NFT Artists Receive First Major Test Since Crypto Collapse
Fri, Jul 15th 2022, by naiane
Last year, Christie’s sold nearly $150 million worth of NFTs. This year? So far, it has sold just $4.6 million.
As NFT art sales decline, digital art stars appear to be weathering the cryptocurrency storm.
The days of $69.3 million JPEGs may be over for now, but a handful of leading digital artists held on, during a Christie’s charity sale on Tuesday that tested the enduring appeal of tokenized art, in amid a recent drop in cryptocurrency values.
Christie’s $1.6 million “Cartography of the Mind” sale surpassed the house’s own $1.5 million expectations, but none of her 27 offerings sold for more than $250,000.
The sale comes amid a market meltdown for cryptocurrencies, many of which, like Bitcoin and Ethereum, have recently dropped to less than half their peak values.

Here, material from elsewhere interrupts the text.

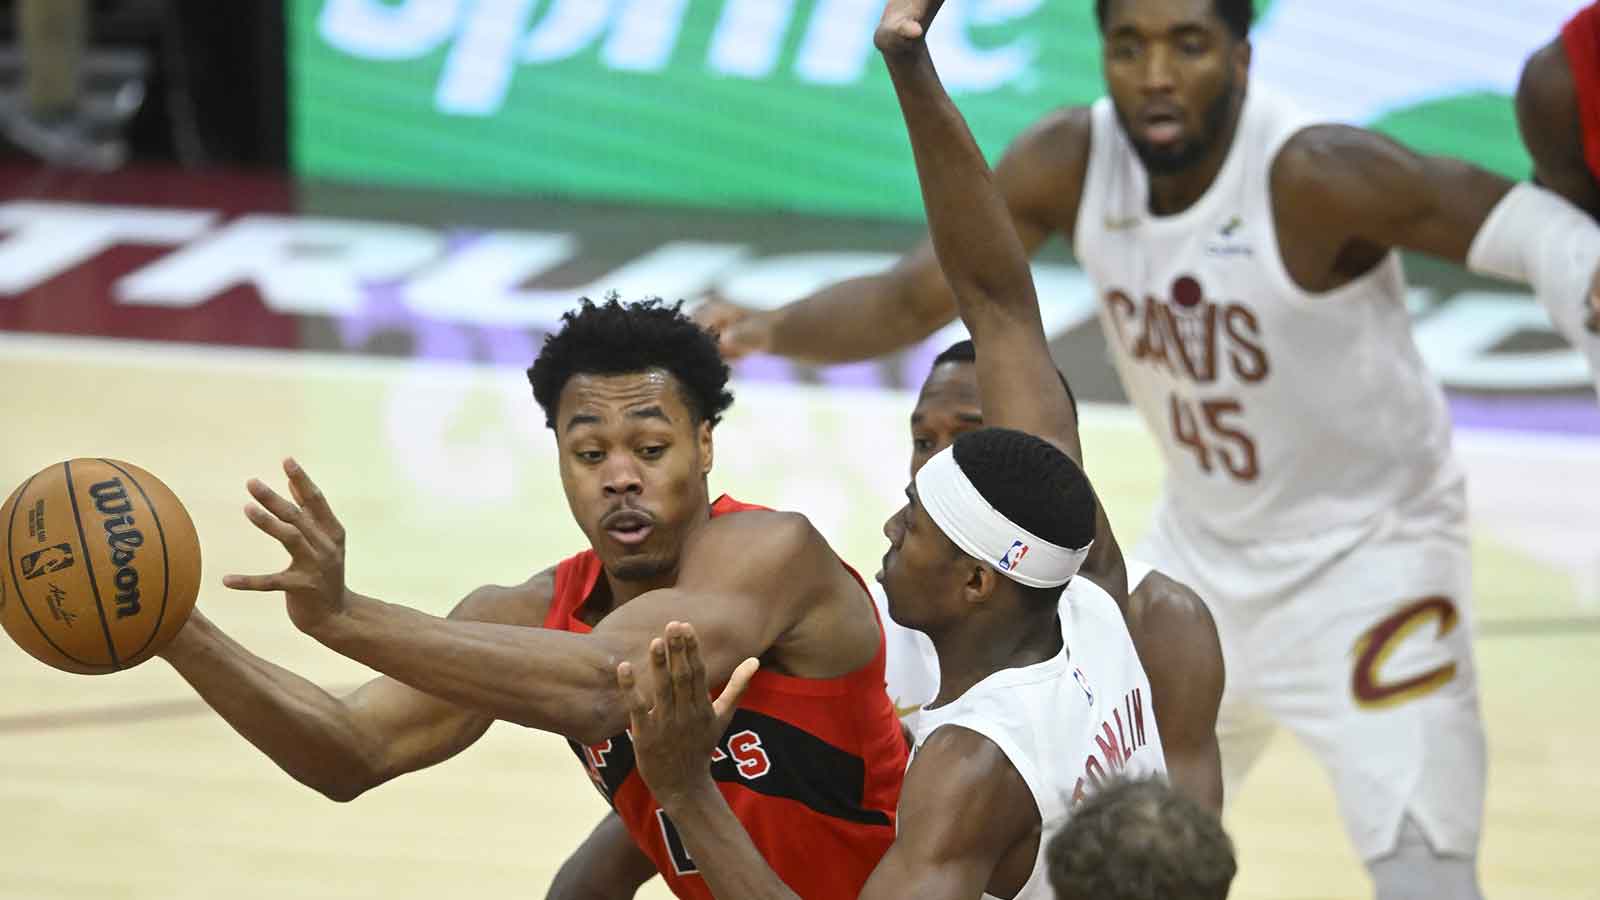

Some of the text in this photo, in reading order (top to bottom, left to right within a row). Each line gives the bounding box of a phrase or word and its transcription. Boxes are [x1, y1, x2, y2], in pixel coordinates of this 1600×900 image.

[1105, 288, 1271, 385] CAVS
[1169, 392, 1260, 483] 45
[89, 477, 145, 621] Wilson

The Christie’s sale hit a large number of NFT artists, including Beeple, Refik Anadol and Mad Dog Jones. They gained global prominence amid last year’s bonanza for digital art, thanks to cryptocurrency investors and the advent of digital receipts known as non-fungible tokens, or NFTs.

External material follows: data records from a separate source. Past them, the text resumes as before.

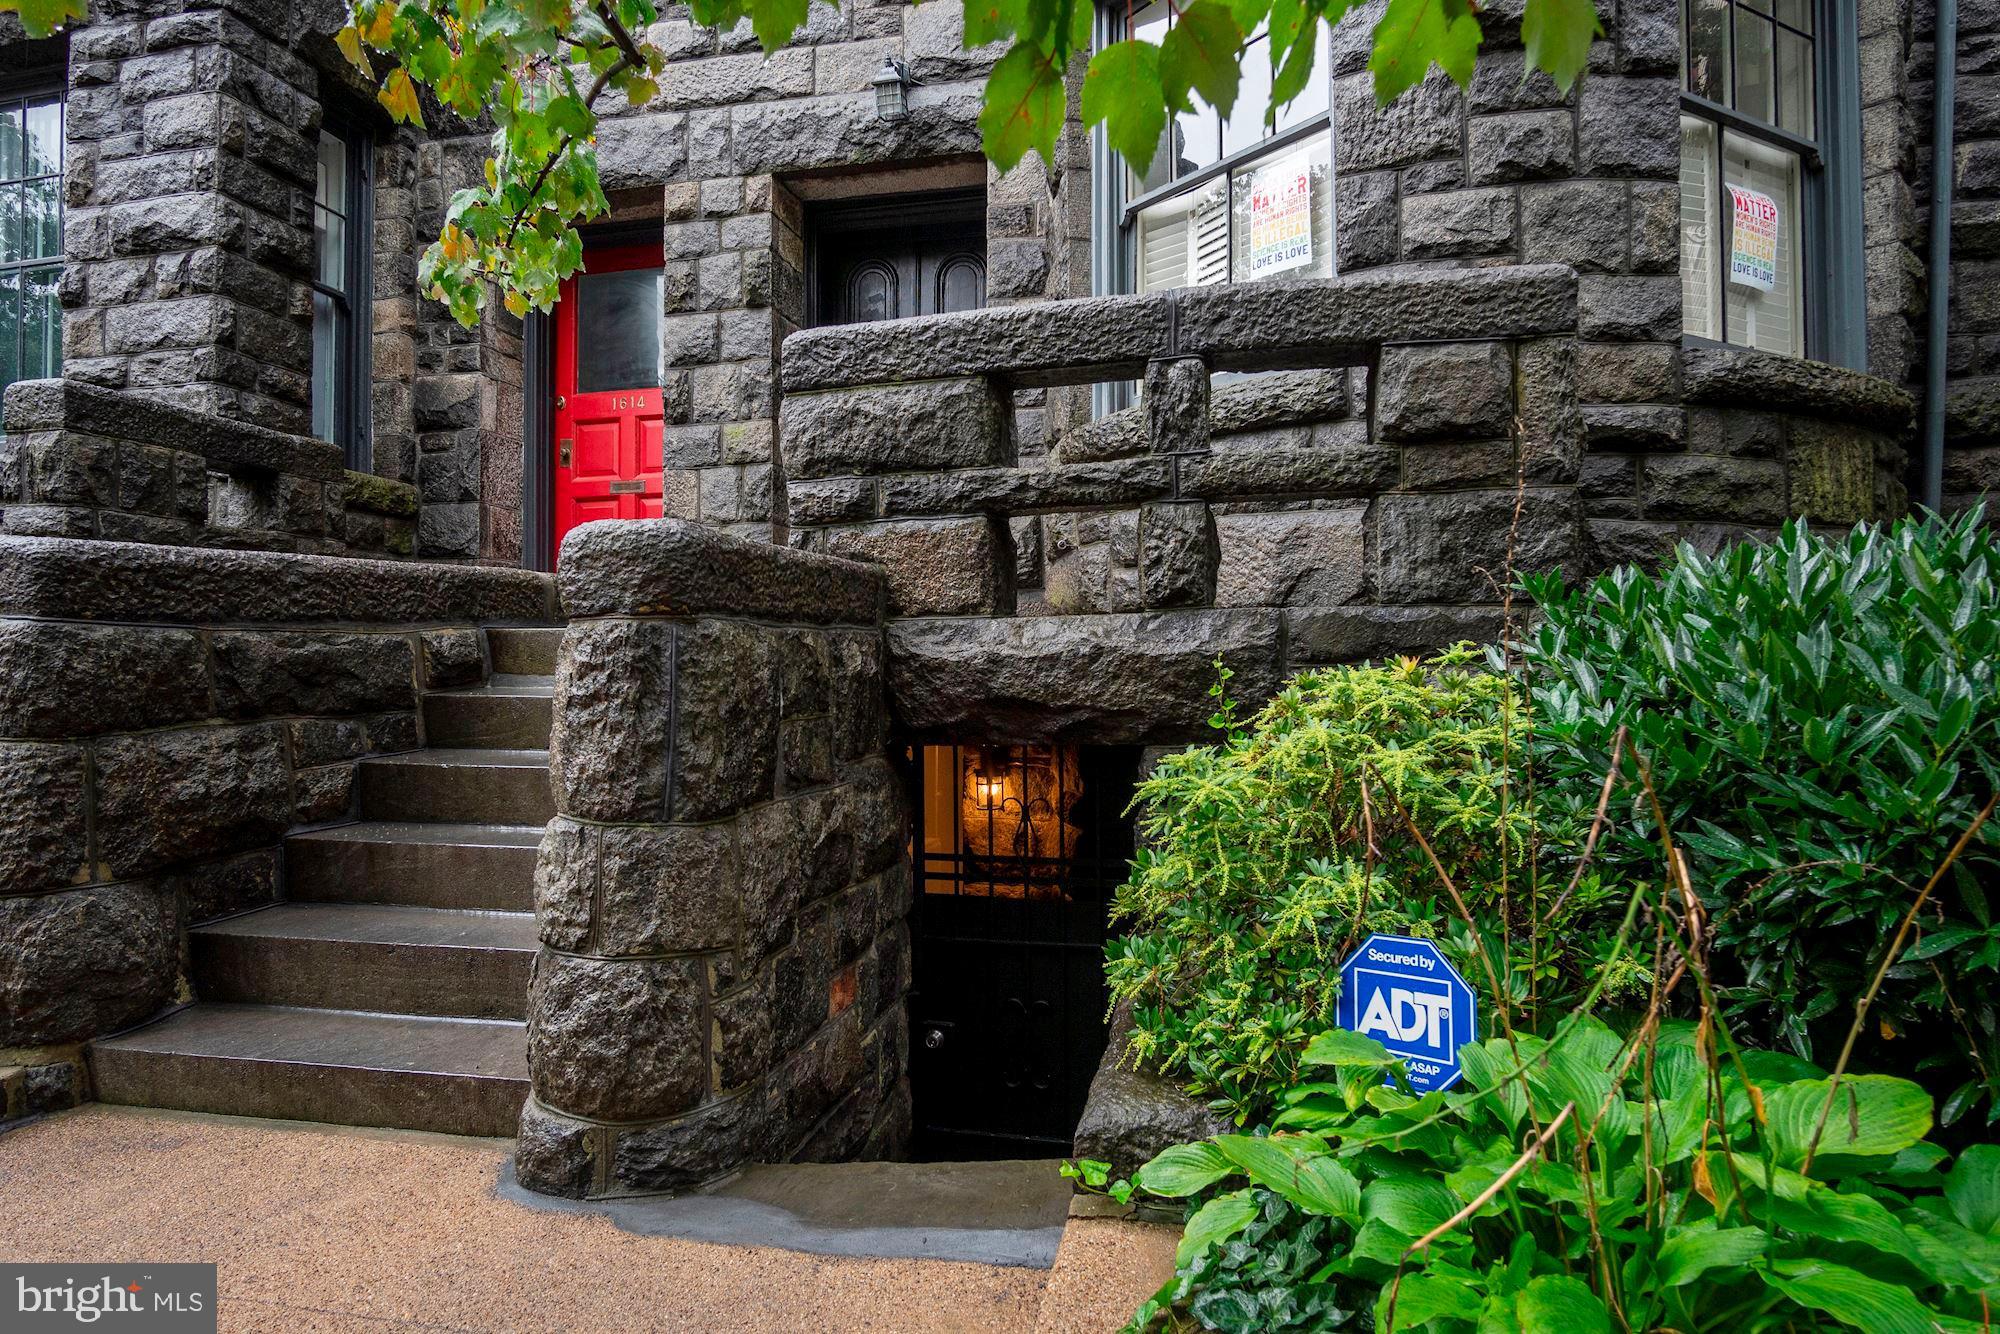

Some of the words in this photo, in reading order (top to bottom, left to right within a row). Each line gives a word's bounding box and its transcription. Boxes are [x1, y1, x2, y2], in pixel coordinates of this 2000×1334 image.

[1736, 195, 1776, 223] MATTER
[1252, 254, 1273, 271] LOVE
[1275, 251, 1283, 263] IS
[1286, 244, 1309, 260] LOVE
[1733, 261, 1751, 276] LOVE
[1752, 266, 1759, 278] IS
[612, 395, 646, 411] 1614
[1367, 947, 1419, 967] Secured
[1419, 954, 1436, 972] by
[1358, 985, 1451, 1048] ADT

However, few of these digital artists have passed a major market test since the cryptocurrency markets nearly collapsed this spring. The dearth of market intelligence means that collectors are now struggling to predict the trajectory of distinctive blue-chip NFTs from collectible tokens. This partly explains why collectors focused on this small Christie’s sale, curated by one of their own alternative asset investors, Ryan Zurrer.

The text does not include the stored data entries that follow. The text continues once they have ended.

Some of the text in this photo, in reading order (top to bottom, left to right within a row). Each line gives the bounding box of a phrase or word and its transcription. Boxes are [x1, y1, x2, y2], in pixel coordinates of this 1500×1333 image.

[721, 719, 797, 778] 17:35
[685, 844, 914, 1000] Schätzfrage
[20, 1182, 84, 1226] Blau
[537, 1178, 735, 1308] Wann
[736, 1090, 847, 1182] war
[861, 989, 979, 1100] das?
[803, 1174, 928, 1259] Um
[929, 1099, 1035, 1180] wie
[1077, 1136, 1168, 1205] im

The lower estimates on Tuesday’s sale could be a sign that the art market is recalibrating the levels of its digital artists, dealers said. It could also indicate the level at which artists were willing to donate pieces to a charitable cause, in this case the Multidisciplinary Association for Psychedelic Studies.
On Tuesday, it took 10 bids for an online collector to win Beeple’s $252,000 prize, “Pilgrimage.” The digital landscape, which features a little man walking among towering mushrooms, has surpassed its estimate of $250,000. That pales in comparison to the kind of feverish attention given last year to the artist’s seminal, $69.3 million “Everydays: The First 5000 Days” that helped launch the NFTs arts boom. (His estimate at the time: $100.)
Christie’s said it is still willing to accept cryptocurrencies for some of its offerings, but the house has only sold $4.6 million worth of NFT artwork so far this year, including Tuesday’s sale. Last year, it sold nearly $150 million worth of NFTs.

Sam Spratt, a New York-based digital artist known for designing an album for rapper Kid Cudi, kicked off the sale with his pictorial portrait of human ancestor Lucy resting in a gnarled tree, “VII. Worm food.” The work attracted 15 bids and sold for $252,000, above its estimate of $120,000.
Another artist who goes by Elfjtrul of Forgotten Runes made 23 bids, the most pitched on sale, for a pixelated eyeball surrounded by dragons and angel wings, “Quantum Ouroboros”. It sold for $138,600, up from its estimate of $35,000.
Sarah Meyohas, a pioneering NFT artist who rose to fame in 2015 for creating her own cryptocurrency, BitchCoin, saw her work, “Liquid Speculation #26”, attract 14 bids and sell for $9,450, above her low estimate of $26. 8,000.
Elsewhere in the sale, Mad Dog Jones’ “Silly Simon’s Psilocybin” sold for $75,600. Last year, the same artist sold a larger NFT art project at Phillips, “Replicator,” for $4.1 million.
However, “Baby Eyes” by artist and animation filmmaker Jake Fried sold after a single bid, as did pieces by Anadol, Tom Sachs, Brendan Dawes and Justin Aversano.